Reqflo Docs
Permissions

Permission examples

Practical examples for configuring common Reqflo access patterns.

Permission Examples

These examples show how Reqflo applies open catalog, controlled execution in practice.

Example 1: Open normal journey

Access:

  • View: everyone in org
  • Run: everyone in org
  • Edit: creator and service maintainers
  • Manage access: creator and service owners

Explanation:

This is appropriate for normal internal workflows that do not use restricted credentials, production environments, or destructive actions.

The journey is easy to discover and reuse. Editing and access management still stay with the creator or owning service team.
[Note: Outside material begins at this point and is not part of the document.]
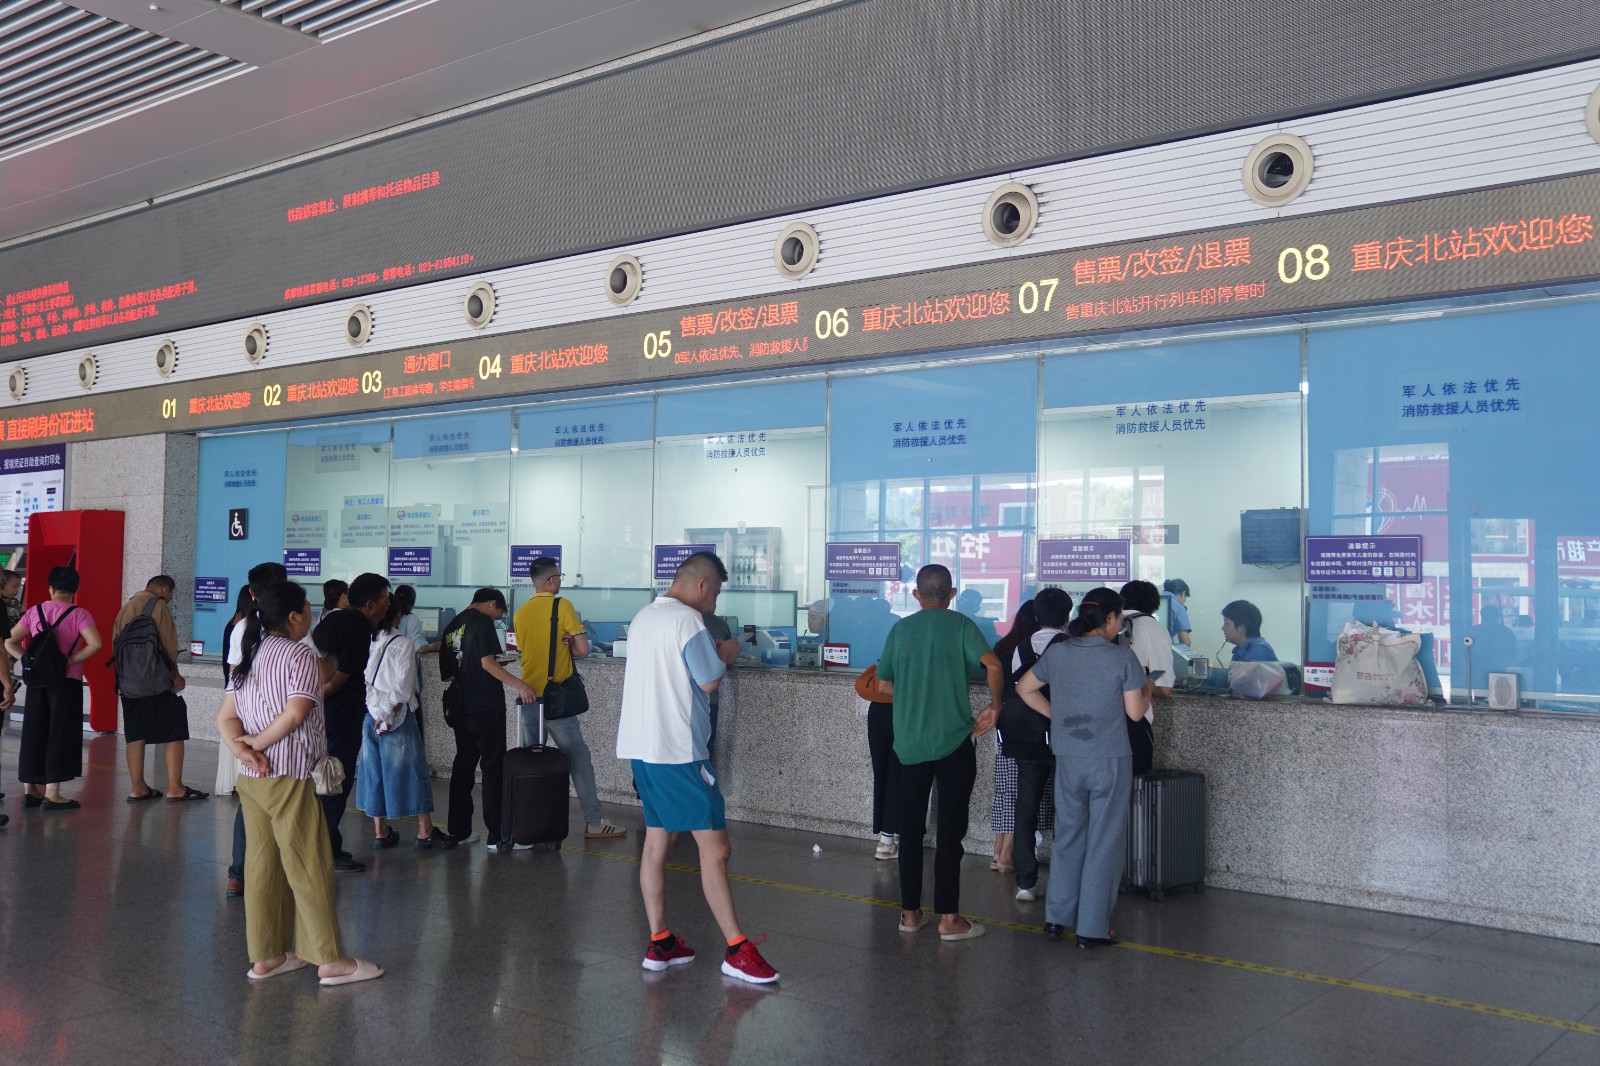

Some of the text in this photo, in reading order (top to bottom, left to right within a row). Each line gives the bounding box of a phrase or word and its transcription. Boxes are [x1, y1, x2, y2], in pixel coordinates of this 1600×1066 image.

Example 2: Production refund journey

Access:

  • View: everyone in org
  • Run: Payments Support Leads
  • Edit: Payments Service Owners
  • Manage access: Payments Service Owners and Security Admins

Risk level:

  • Production
  • Destructive or mutating

Explanation:

The journey is discoverable, but execution is restricted because it can affect production payment data.
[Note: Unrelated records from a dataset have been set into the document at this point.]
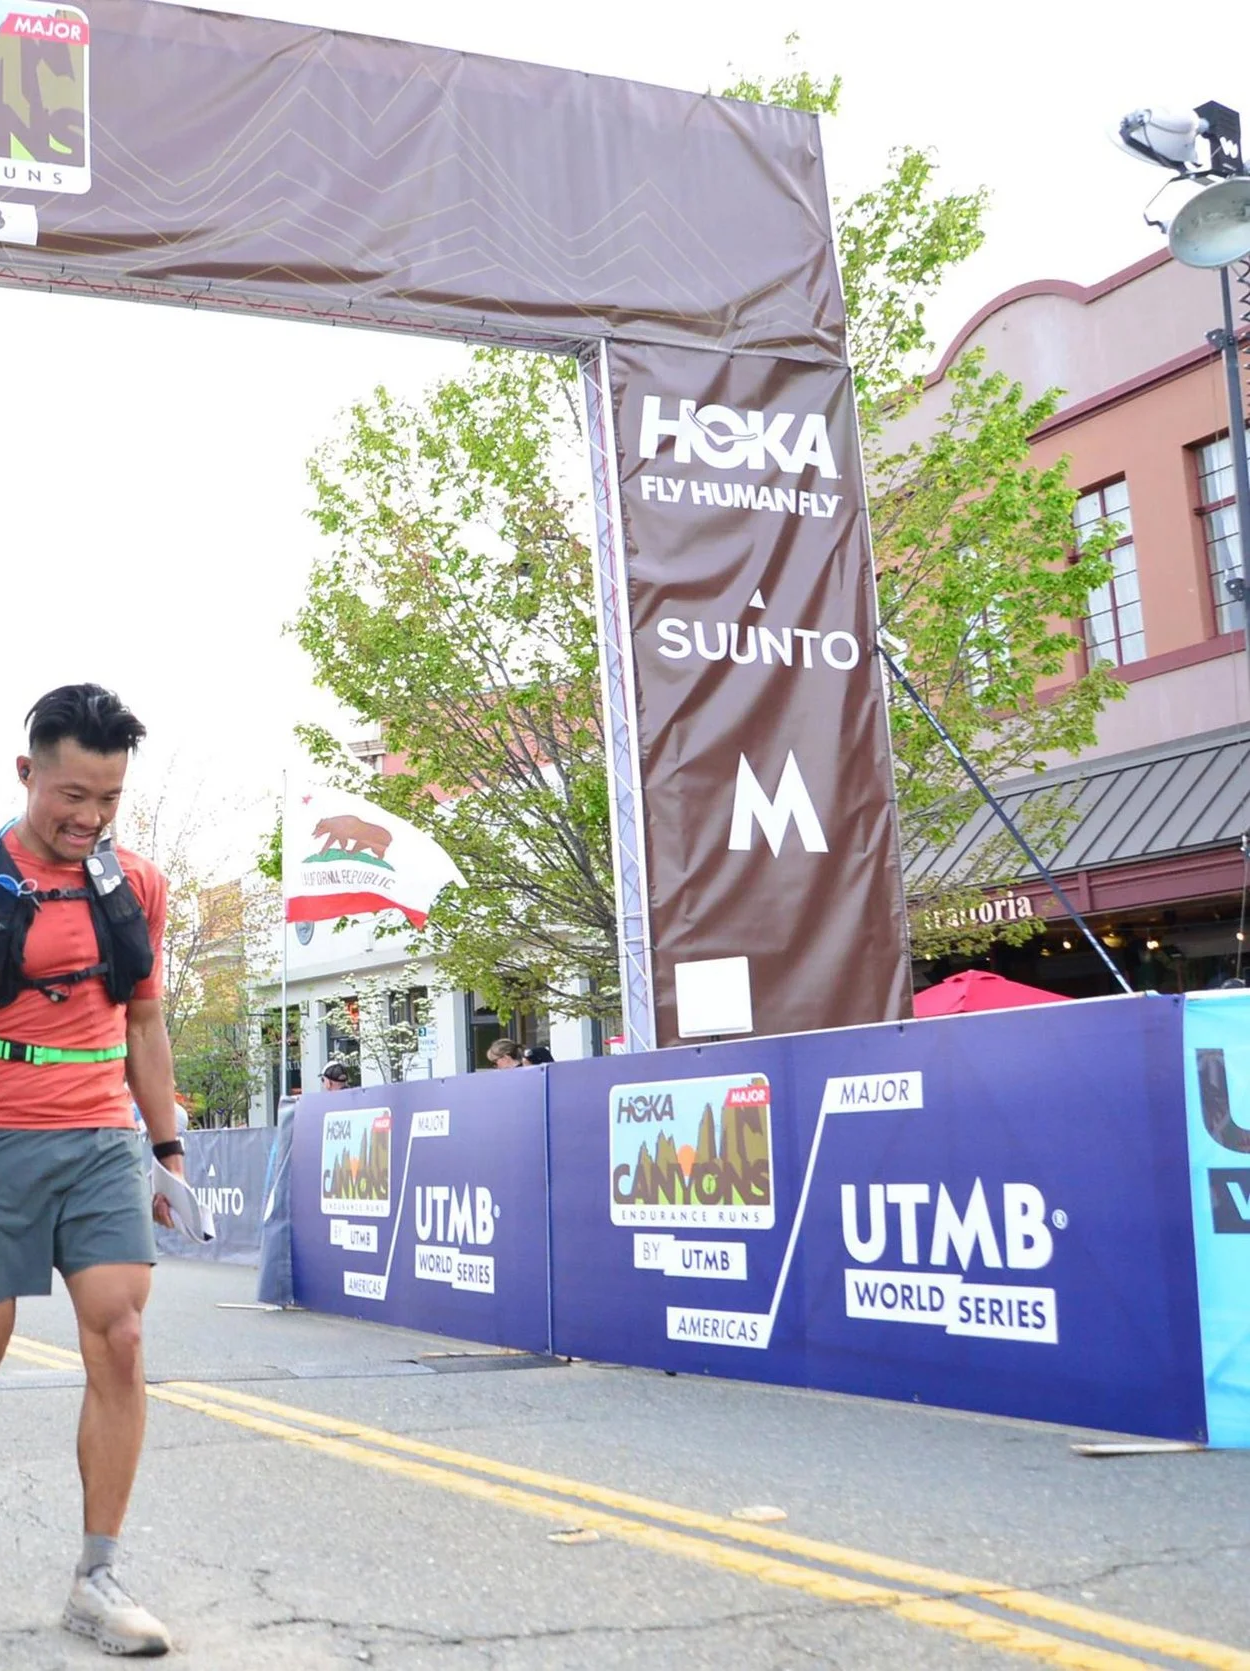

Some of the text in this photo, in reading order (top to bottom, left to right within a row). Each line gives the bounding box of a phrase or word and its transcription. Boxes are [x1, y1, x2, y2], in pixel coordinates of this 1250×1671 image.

[14, 16, 82, 41] MAJOR
[639, 395, 840, 480] HOKA
[640, 475, 840, 519] FLY HUMAN FLY
[656, 617, 860, 671] SUUNTO
[730, 1088, 767, 1104] MAJOR
[839, 1079, 910, 1106] MAJOR
[417, 1114, 445, 1132] MAJOR
[617, 1094, 675, 1124] HOKA
[323, 1163, 389, 1200] CANYONS
[613, 1154, 771, 1206] CANYONS
[621, 1209, 760, 1224] ENDURANCE RUNS
[350, 1230, 371, 1247] UTMB
[418, 1252, 491, 1285] WORLD SERIES
[642, 1241, 731, 1272] BY UTMB
[348, 1278, 383, 1297] AMERICAS
[854, 1281, 1047, 1331] WORLD SERIES
[676, 1314, 759, 1342] AMERICAS
Users can understand the workflow exists without being allowed to trigger refunds.

Example 3: Restricted OAuth component

Access:

  • View metadata: everyone in org
  • Use: selected groups
  • Attach: service owners
  • Manage scopes: Security Admins
  • Manage secrets: Security Admins

Explanation:

The component can be understood and referenced without exposing privileged use, scopes, or secrets.

Security Admins retain control over sensitive OAuth scope and secret management.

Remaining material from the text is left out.